Collected data:

:::

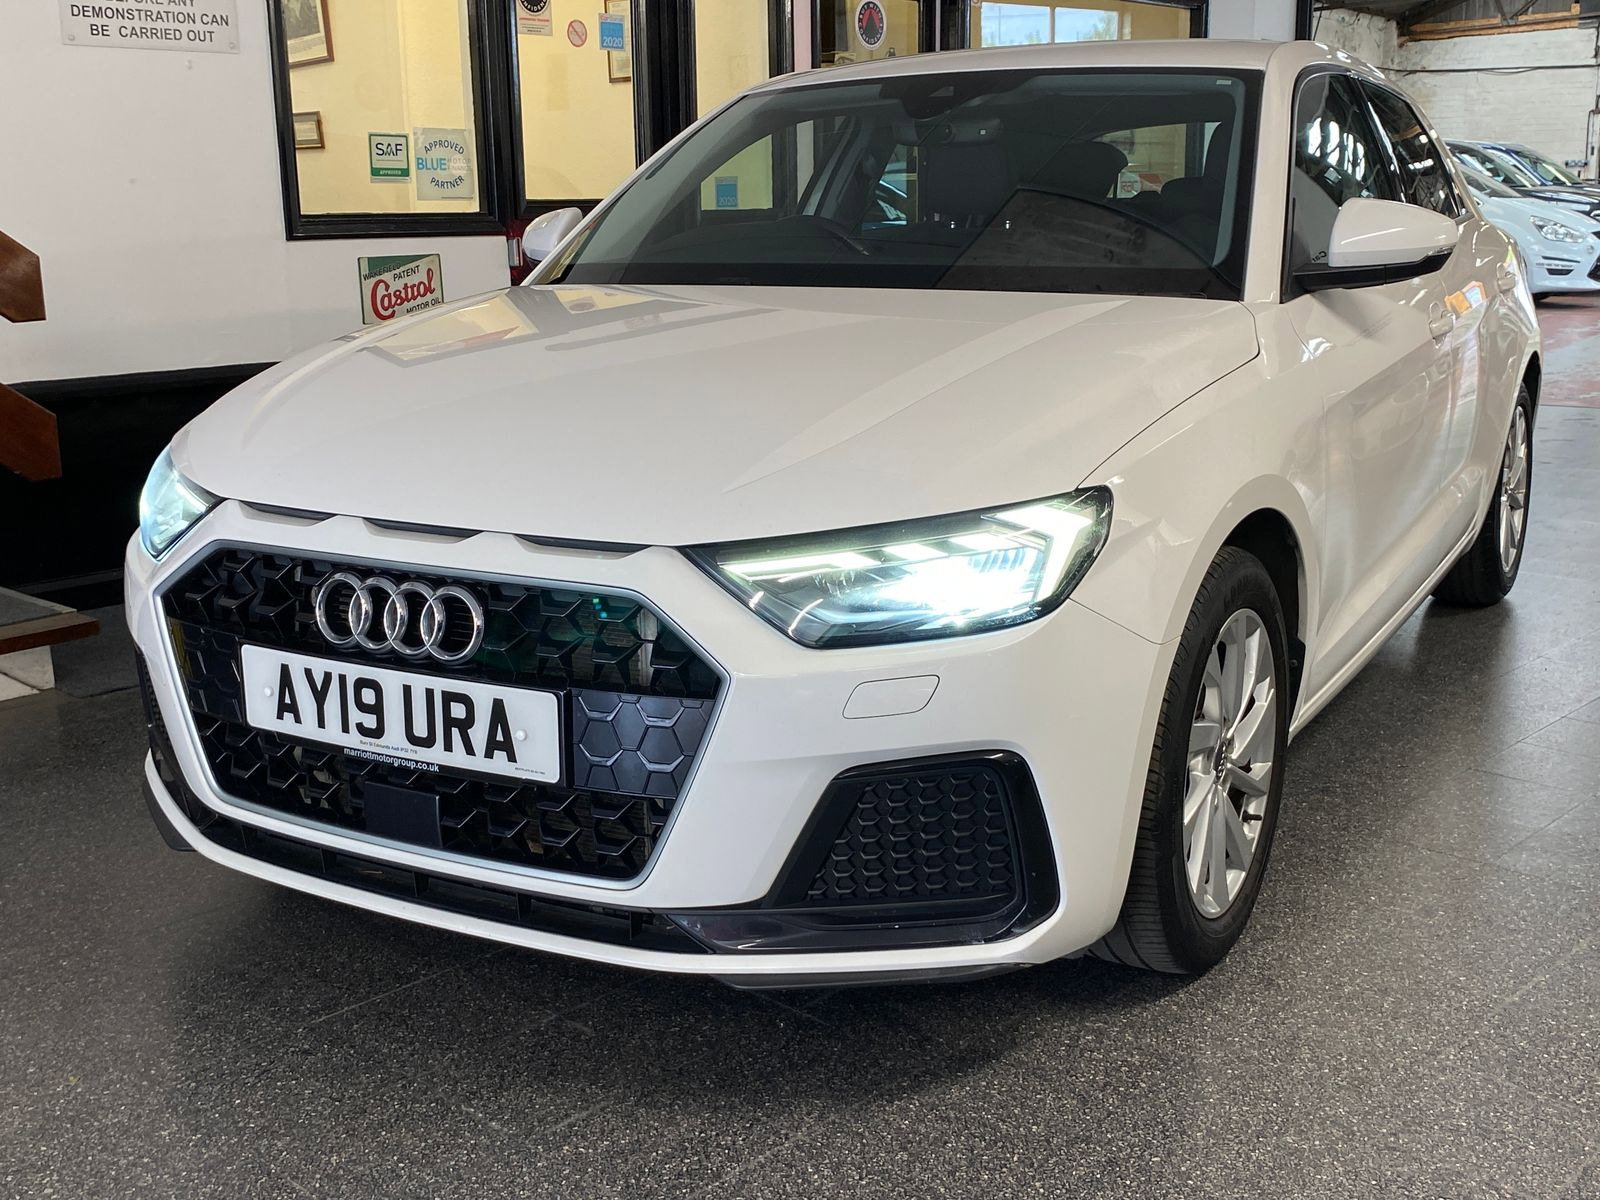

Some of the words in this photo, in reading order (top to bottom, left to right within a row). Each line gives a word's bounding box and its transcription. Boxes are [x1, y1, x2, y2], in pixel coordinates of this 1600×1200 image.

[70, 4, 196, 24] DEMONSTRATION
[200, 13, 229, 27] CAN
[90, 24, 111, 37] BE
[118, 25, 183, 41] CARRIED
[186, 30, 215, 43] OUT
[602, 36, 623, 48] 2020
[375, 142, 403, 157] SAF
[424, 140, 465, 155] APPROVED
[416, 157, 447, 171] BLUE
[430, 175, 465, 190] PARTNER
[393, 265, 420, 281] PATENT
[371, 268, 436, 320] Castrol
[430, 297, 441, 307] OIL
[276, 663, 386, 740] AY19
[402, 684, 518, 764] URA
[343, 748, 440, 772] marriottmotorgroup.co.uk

:::

#### [Task requirements]
Restate all of the data word for word and include no pictures.

#### [Answer to this exercise]
Some of the words in this photo, in reading order (top to bottom, left to right within a row). Each line gives a word's bounding box and its transcription. Boxes are [x1, y1, x2, y2], in pixel coordinates of this 1600×1200 image.

[70, 4, 196, 24] DEMONSTRATION
[200, 13, 229, 27] CAN
[90, 24, 111, 37] BE
[118, 25, 183, 41] CARRIED
[186, 30, 215, 43] OUT
[602, 36, 623, 48] 2020
[375, 142, 403, 157] SAF
[424, 140, 465, 155] APPROVED
[416, 157, 447, 171] BLUE
[430, 175, 465, 190] PARTNER
[393, 265, 420, 281] PATENT
[371, 268, 436, 320] Castrol
[430, 297, 441, 307] OIL
[276, 663, 386, 740] AY19
[402, 684, 518, 764] URA
[343, 748, 440, 772] marriottmotorgroup.co.uk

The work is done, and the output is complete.